PROVIDED DATA ▸
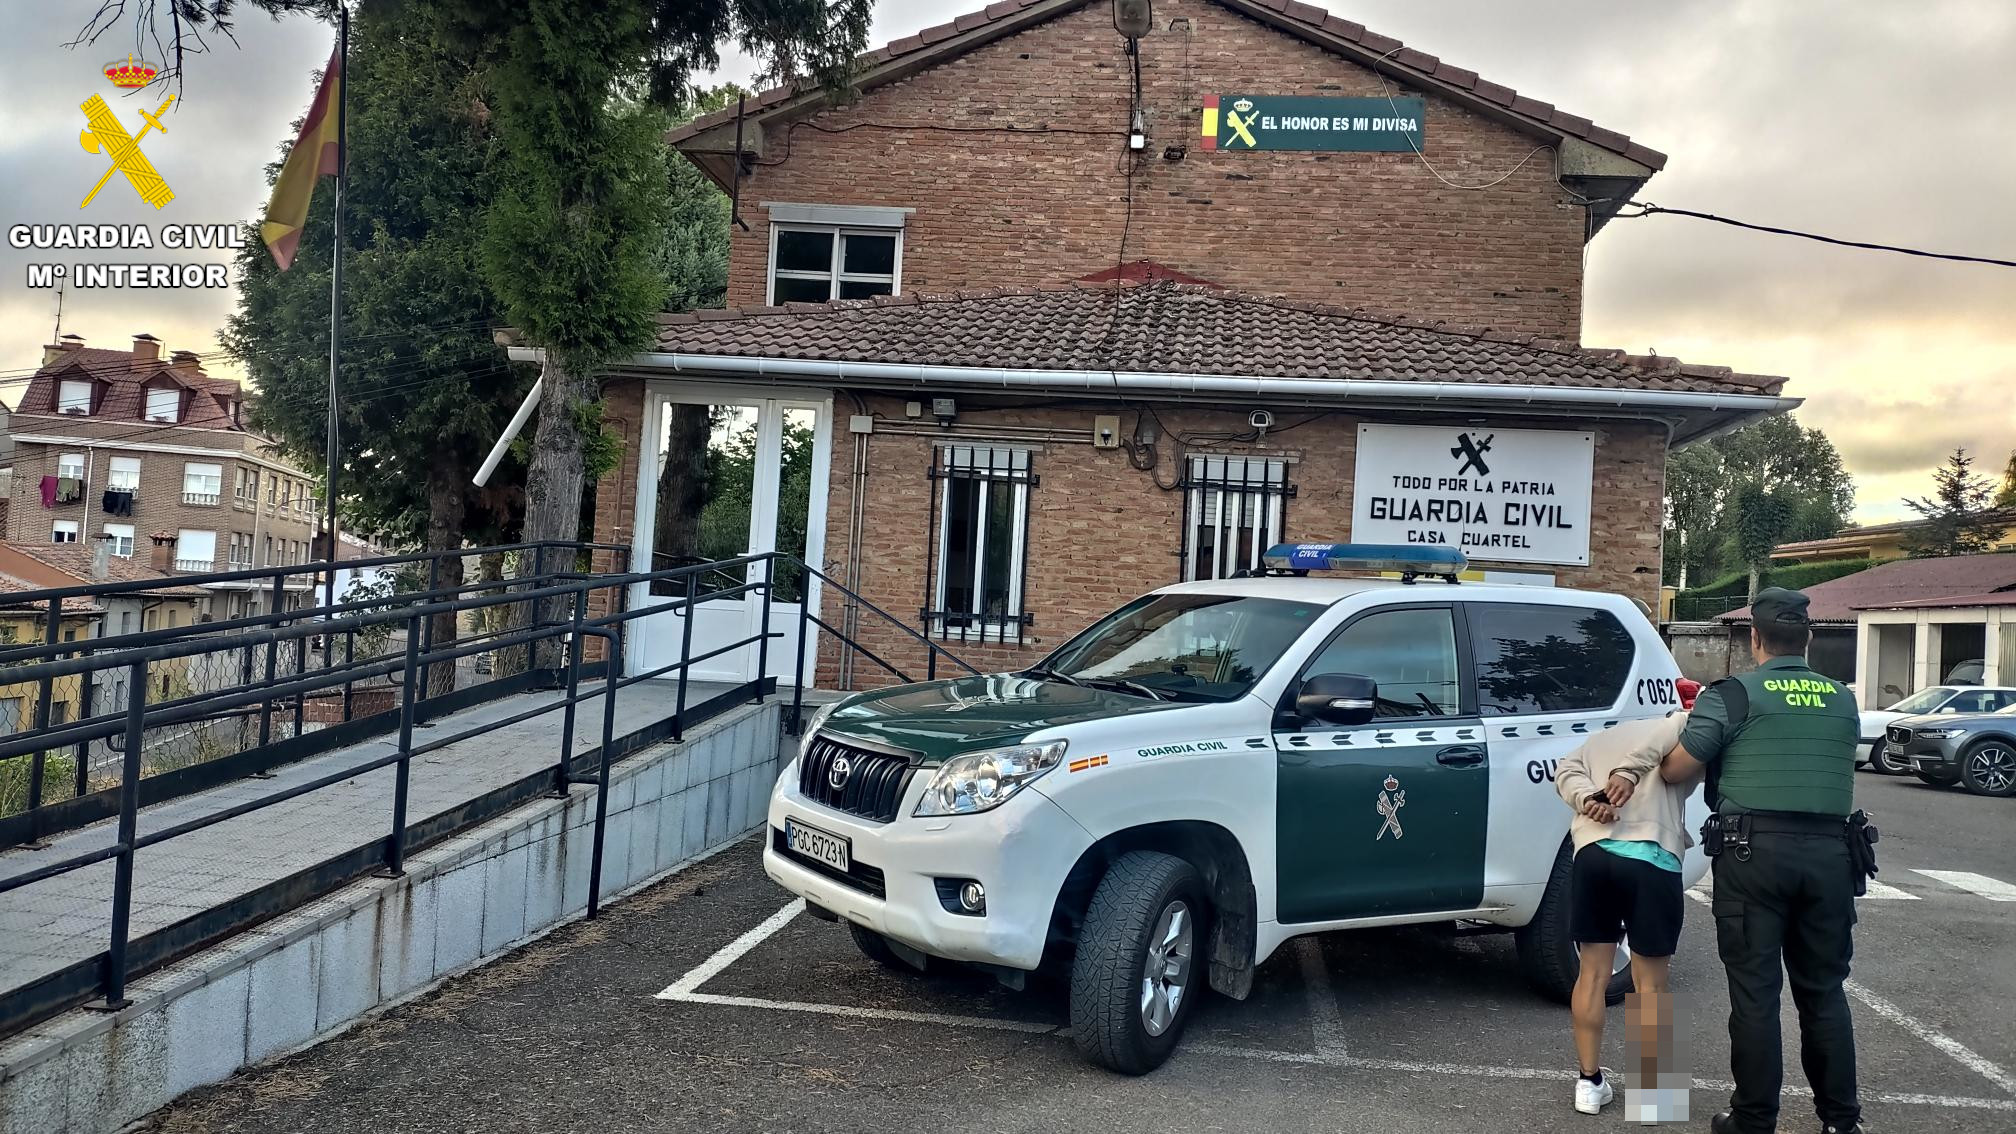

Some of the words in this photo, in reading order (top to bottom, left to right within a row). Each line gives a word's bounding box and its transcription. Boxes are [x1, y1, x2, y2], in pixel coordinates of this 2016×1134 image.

[1261, 116, 1277, 130] EL
[1281, 116, 1329, 131] HONOR
[1332, 117, 1350, 131] ES
[1353, 117, 1369, 131] MI
[1372, 117, 1418, 131] DIVISA
[1392, 475, 1431, 490] TODO
[1438, 478, 1468, 492] POR
[1474, 479, 1494, 493] LA
[1502, 481, 1555, 496] PATRIA
[1370, 497, 1488, 524] GUARDIA
[1504, 502, 1573, 528] CIVIL
[1407, 530, 1446, 544] CASA
[1461, 532, 1531, 549] CUARTEL
[1298, 550, 1320, 558] CIVIL
[1647, 678, 1677, 705] 062
[1764, 679, 1838, 694] GUARDIA
[1785, 693, 1827, 708] CIVIL
[1137, 743, 1196, 758] GUARDIA
[1197, 741, 1228, 752] CIVIL
[791, 826, 811, 852] PGC

AIM OF THE TASK ▸
In your copy, include no pictures; print every line above exactly.

WRITTEN REPLY ▸
Some of the words in this photo, in reading order (top to bottom, left to right within a row). Each line gives a word's bounding box and its transcription. Boxes are [x1, y1, x2, y2], in pixel coordinates of this 2016×1134 image.

[1261, 116, 1277, 130] EL
[1281, 116, 1329, 131] HONOR
[1332, 117, 1350, 131] ES
[1353, 117, 1369, 131] MI
[1372, 117, 1418, 131] DIVISA
[1392, 475, 1431, 490] TODO
[1438, 478, 1468, 492] POR
[1474, 479, 1494, 493] LA
[1502, 481, 1555, 496] PATRIA
[1370, 497, 1488, 524] GUARDIA
[1504, 502, 1573, 528] CIVIL
[1407, 530, 1446, 544] CASA
[1461, 532, 1531, 549] CUARTEL
[1298, 550, 1320, 558] CIVIL
[1647, 678, 1677, 705] 062
[1764, 679, 1838, 694] GUARDIA
[1785, 693, 1827, 708] CIVIL
[1137, 743, 1196, 758] GUARDIA
[1197, 741, 1228, 752] CIVIL
[791, 826, 811, 852] PGC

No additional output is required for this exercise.